JOB_DESC(files=[], name=None, rsc_fpops_est=None, command_line=None,
input_template=None, output_template=None, priority=None
)
Represents a job.
files
is a list of FILE_DESC
objects.
You can specify the job parameters and templates.
BATCH_DESC(app_name, jobs, batch_id=0, batch_name=None,
expire_time=None, app_version_num=0,
priority=None, allocation_priority=False
)
Represents a batch of jobs for a given app.
-
app_name
: the application name. -
jobs
: a list ofJOB_DESC
objects. -
batch_id
: if the batch already exists, its ID -
batch_name
: if batch doesn't exist, the name to give it (if not specified, a name of the formuser:app:date
will be assigned. -
expire_time
: if specified, the batch will be retired after this time. -
app_version_num
: use only this app version number. -
priority
: give jobs this priority. -
allocation_priority
: if True, assign priority based on submitter's resource share.
BOINC_SERVER(url, authenticator, rpc_timeout=0)
Represents a BOINC project, together with the job submitter's account on that project.
-
url
: project URL. -
authenticator
: submitter's authenticator. -
rpc_timeout
: specify a long timeout if server is overloaded.
RPC operations are member functions of BOINC_SERVER
.
All operations return a Python dictionary.
In case of errors, this has the form
{'error': {
'error_num': '-1',
'error_msg': 'create_work failed: job is missing input template\n'
}}
The member functions of BOINC_SERVER
are:
submit_batch(batch_desc)
Submit a batch of jobs described by a BATCH_DESC
.
On success, return the batch ID:
{'batch_id': '441'}
create_batch(app_name, batch_name='', expire_time=0)
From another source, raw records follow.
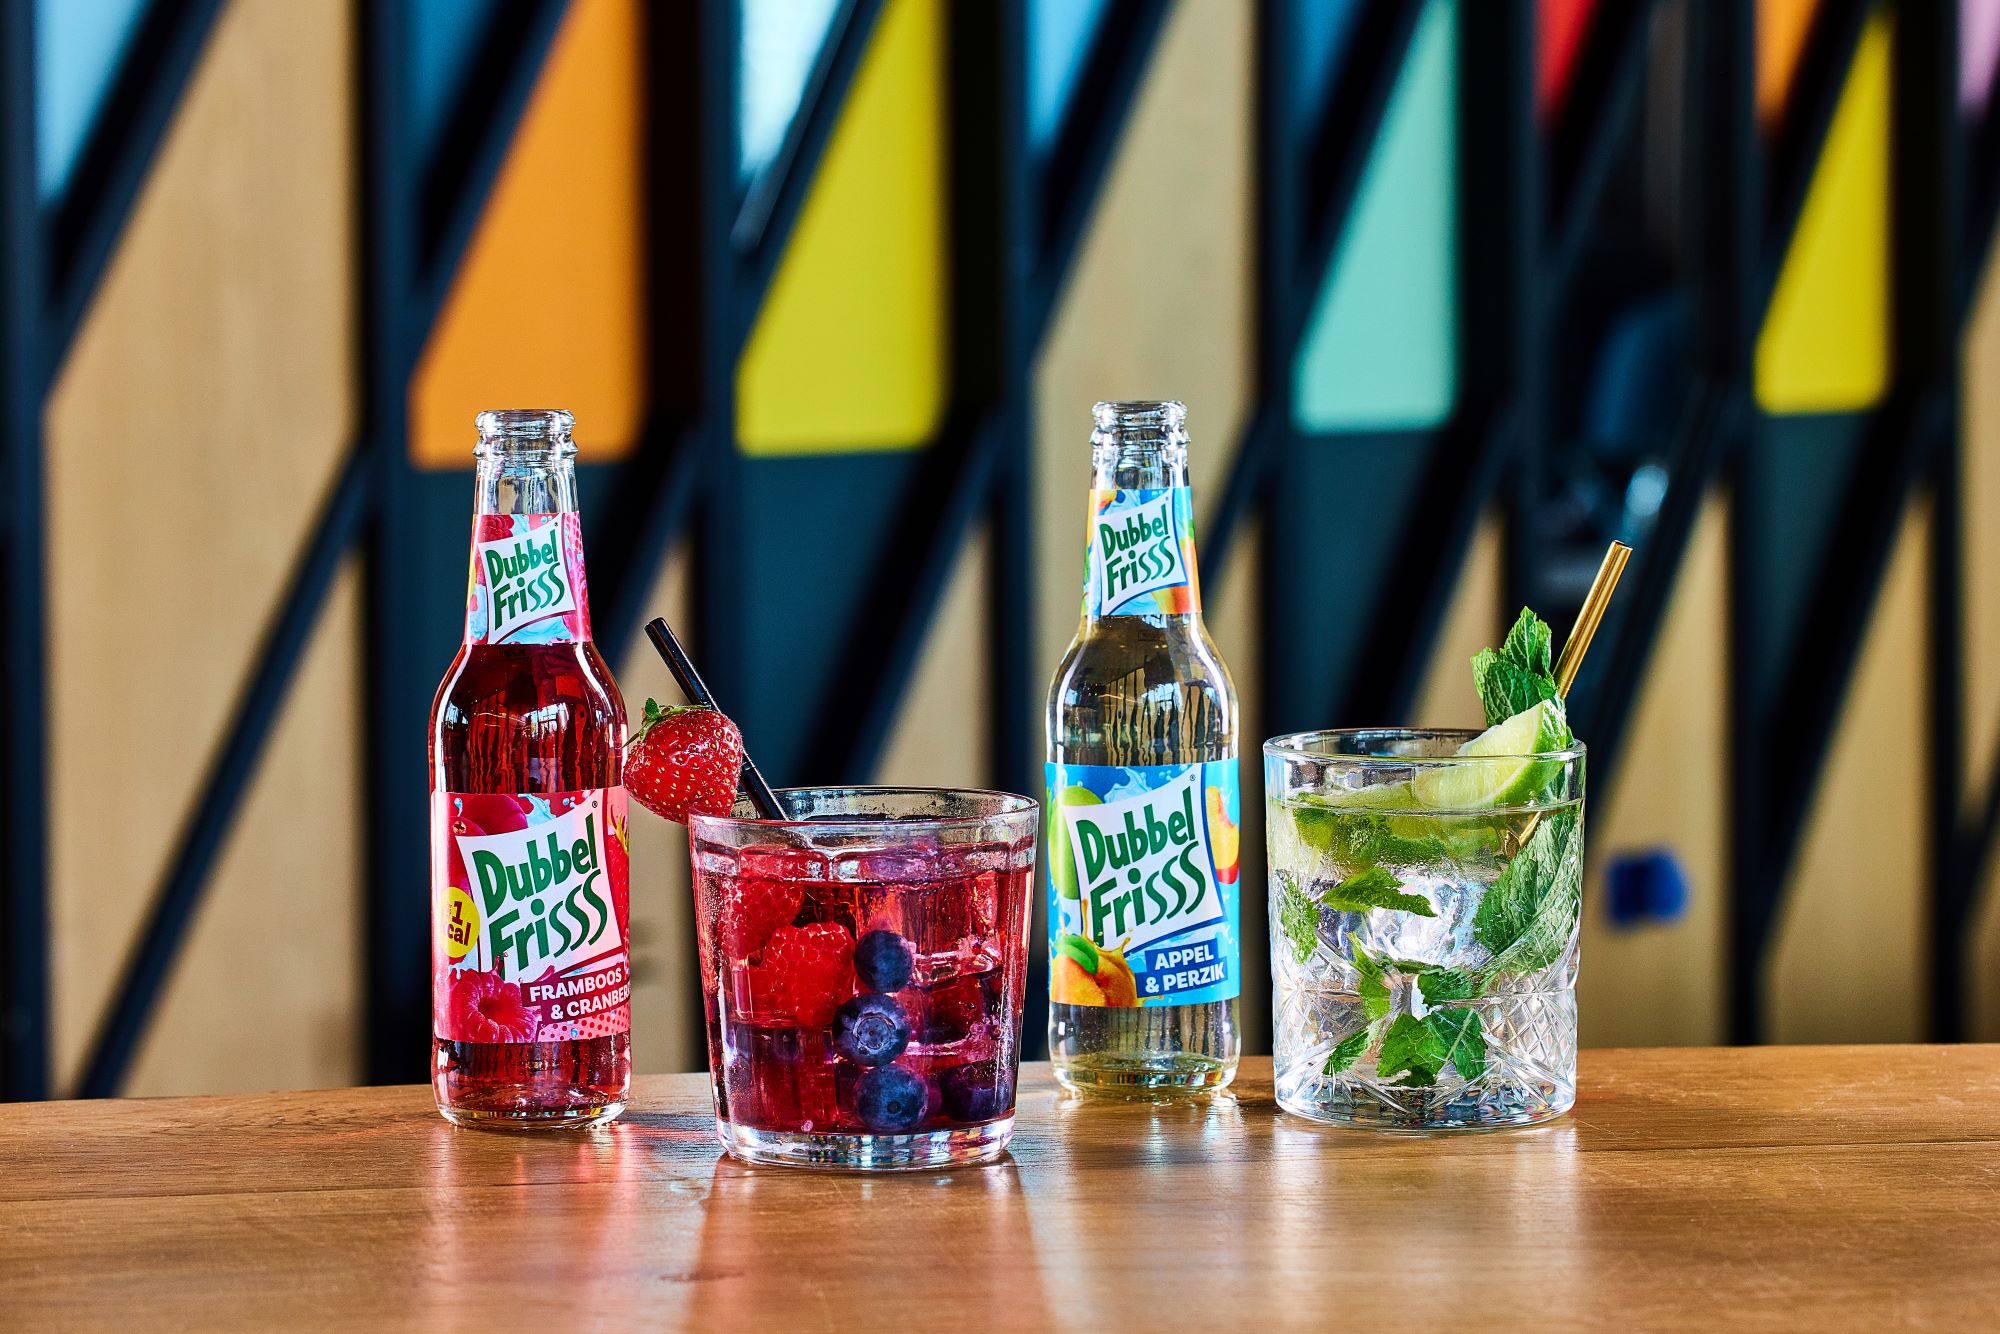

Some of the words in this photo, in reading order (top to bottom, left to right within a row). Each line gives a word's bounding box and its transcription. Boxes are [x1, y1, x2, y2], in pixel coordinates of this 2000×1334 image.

[1098, 503, 1169, 561] Dubbel
[485, 529, 559, 589] Dubbel
[1075, 786, 1196, 885] Dubbel
[471, 812, 598, 918] Dubbel
[1145, 976, 1160, 993] &
[1163, 962, 1225, 991] PERZIK
[1154, 944, 1214, 970] APPEL
[529, 967, 622, 1003] FRAMBOOS
[550, 1004, 564, 1020] &
Create an empty batch and return its ID.
estimate_batch(batch_desc)
Estimate the time to complete a batch
(described by a BATCH_DESC
),
given its job sizes and the computing power of the project.
Returns:
{'seconds': '147396.27439935'}
abort_batch(batch_id)
Abort the given batch (cancel its remaining jobs).
retire_batch(batch_id)
Retire the given batch (delete its output files).
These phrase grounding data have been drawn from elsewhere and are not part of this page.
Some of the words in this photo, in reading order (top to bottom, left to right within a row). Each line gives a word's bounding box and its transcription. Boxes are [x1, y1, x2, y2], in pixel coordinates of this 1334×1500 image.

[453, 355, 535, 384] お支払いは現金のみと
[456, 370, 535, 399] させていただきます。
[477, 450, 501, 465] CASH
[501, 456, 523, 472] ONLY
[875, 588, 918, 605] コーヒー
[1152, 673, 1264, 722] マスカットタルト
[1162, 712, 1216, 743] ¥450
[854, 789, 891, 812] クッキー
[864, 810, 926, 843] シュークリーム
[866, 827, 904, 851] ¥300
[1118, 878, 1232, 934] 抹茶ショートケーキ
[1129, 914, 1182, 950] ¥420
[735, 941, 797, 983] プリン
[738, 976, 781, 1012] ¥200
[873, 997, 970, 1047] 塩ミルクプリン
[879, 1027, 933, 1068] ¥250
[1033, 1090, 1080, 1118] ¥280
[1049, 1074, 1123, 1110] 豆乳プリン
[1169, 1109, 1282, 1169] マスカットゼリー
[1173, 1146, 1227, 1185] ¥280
query_batch(batch_id, get_cpu_time=False, get_job_details=False)
Query the stats of the given batch. Returns a structure of the form
{'app_name': 'uppercase',
'completion_time': '0',
'create_time': '1719535409',
'credit_canonical': '0',
'credit_estimate': '23.148148148148',
'est_completion_time': '0',
'expire_time': '0',
'fraction_done': '0',
'id': '441',
'job': {'canonical_instance_id': '0',
'id': '111956',
'name': 'uppercase_18578_1719535409.652051_0'},
'name': 'David Anderson:uppercase:Fri, 28 Jun 2024 00:43:29 +0000',
'nerror_jobs': '0',
'njobs': '1',
'state': '1'}
query_batches(get_cpu_time)
query_completed_job(job_name)
Query the details of a job. Example output:
{'completed_job': {'canonical_resultid': '112229',
'cpu_time': '9.40625',
'elapsed_time': '42.232193',
'error_mask': '0',
'exit_status': '0',
'stderr_out': '<core_client_version>7.24.1</core_client_version>\n'
'<![CDATA[\n'
'<stderr_txt>\n'
...
abort_jobs(job_names)
Abort the given list of jobs.
get_job_counts()
Return counts of jobs in various states:
{'results_in_progress': '0',
'results_need_file_delete': '0',
'results_ready_to_send': '1',
'wus_need_assimilate': '3',
'wus_need_file_delete': '0',
'wus_need_validate': '0'}
The BOINC_SERVER
class also provides functions for
uploading input files.
An example of uploading input files and submitting jobs:
from boinc_submit import *
s = BOINC_SERVER('https://boinc.berkeley.edu/test/', 'auth')
ret = s.create_batch('uppercase')
batch_id = ret['batch_id']
s.upload_files(['file_a', 'file_b'], ['file_a.1', 'file_b.1'], batch_id)
j1 = JOB_DESC([FILE_DESC('file_a.1')]
j2 = JOB_DESC([FILE_DESC('file_b.1')]
b = BATCH_DESC('uppercase', [j1, j2], batch_id)
s.submit_batch(b)
The following functions are provided in the PHP file submit.inc, which is independent of other BOINC PHP code. The file html/user/submit_test.php has code to exercise and test these functions.
Submits a batch.
Arguments: a "request object" whose fields include
- project: the project URL
- authenticator: the user's authenticator
- app_name: the name of the application for which jobs are being submitted
- batch_name: a symbolic name for the batch. Must be unique. If omitted, a name of the form "batch_unixtime" will be used.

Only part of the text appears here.